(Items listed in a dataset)
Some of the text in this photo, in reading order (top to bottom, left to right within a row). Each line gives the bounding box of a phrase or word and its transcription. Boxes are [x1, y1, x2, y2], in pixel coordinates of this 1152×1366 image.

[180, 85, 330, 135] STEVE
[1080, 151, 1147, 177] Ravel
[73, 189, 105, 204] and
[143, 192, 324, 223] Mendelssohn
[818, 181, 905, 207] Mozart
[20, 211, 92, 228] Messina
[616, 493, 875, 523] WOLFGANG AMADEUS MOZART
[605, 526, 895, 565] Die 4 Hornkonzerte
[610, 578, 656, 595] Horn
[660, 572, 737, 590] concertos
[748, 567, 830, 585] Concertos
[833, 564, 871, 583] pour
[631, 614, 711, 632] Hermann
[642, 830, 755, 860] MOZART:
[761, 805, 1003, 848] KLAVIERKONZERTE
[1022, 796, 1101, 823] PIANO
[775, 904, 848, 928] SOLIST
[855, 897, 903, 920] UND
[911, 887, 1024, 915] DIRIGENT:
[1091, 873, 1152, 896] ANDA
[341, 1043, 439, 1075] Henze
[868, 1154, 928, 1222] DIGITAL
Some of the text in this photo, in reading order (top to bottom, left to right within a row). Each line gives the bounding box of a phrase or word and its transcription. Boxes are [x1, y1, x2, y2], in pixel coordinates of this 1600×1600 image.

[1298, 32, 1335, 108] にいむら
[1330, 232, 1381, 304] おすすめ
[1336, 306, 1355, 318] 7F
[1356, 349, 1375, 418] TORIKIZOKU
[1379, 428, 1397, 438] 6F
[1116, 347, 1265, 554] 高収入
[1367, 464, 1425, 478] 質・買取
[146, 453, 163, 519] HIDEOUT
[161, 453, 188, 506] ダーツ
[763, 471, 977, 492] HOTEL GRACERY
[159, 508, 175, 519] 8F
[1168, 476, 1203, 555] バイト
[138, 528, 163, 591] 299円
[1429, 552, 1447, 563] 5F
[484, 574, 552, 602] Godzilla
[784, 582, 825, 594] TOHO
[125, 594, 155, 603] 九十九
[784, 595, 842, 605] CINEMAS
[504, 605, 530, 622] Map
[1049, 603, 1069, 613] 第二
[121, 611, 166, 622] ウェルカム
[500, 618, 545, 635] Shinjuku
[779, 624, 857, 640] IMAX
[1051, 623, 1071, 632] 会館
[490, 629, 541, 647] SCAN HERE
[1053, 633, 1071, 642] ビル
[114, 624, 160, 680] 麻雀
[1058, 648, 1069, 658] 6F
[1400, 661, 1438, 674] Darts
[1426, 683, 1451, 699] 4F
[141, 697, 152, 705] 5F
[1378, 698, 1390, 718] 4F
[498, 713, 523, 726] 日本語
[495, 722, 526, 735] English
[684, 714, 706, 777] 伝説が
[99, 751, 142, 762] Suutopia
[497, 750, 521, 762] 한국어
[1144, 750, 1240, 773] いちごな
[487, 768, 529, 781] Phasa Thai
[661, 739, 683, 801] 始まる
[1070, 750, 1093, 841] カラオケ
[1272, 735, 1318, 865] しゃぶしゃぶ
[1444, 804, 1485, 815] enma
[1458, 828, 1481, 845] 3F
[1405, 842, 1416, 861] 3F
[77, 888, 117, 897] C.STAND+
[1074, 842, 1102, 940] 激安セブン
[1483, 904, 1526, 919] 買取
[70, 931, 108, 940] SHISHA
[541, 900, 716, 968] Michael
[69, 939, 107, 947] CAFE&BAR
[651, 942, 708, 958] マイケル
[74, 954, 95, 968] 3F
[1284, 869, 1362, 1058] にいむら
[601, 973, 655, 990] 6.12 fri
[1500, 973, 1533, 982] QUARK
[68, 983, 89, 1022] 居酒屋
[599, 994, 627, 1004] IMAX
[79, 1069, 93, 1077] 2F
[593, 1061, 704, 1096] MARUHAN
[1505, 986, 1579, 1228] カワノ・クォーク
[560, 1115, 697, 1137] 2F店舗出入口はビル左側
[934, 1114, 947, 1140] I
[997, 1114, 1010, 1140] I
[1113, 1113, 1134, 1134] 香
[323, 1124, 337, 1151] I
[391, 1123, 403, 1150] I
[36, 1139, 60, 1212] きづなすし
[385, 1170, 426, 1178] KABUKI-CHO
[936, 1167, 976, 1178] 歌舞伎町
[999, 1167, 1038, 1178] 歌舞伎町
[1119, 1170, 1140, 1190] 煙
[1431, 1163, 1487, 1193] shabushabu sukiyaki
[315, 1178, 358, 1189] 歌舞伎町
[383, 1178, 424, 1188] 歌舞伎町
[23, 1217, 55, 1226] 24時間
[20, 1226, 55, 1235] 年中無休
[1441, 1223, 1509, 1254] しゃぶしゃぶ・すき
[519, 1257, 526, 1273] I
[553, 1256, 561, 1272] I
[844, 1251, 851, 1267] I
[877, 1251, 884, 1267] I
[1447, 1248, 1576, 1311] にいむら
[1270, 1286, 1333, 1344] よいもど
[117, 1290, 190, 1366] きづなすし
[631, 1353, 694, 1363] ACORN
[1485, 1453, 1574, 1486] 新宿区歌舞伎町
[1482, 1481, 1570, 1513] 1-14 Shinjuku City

→ What is needed:
Which lines of the records above hold the word "text"? Copy each of them.

→ Result of the task:
Some of the text in this photo, in reading order (top to bottom, left to right within a row). Each line gives the bounding box of a phrase or word and its transcription. Boxes are [x1, y1, x2, y2], in pixel coordinates of this 1152×1366 image.
Some of the text in this photo, in reading order (top to bottom, left to right within a row). Each line gives the bounding box of a phrase or word and its transcription. Boxes are [x1, y1, x2, y2], in pixel coordinates of this 1600×1600 image.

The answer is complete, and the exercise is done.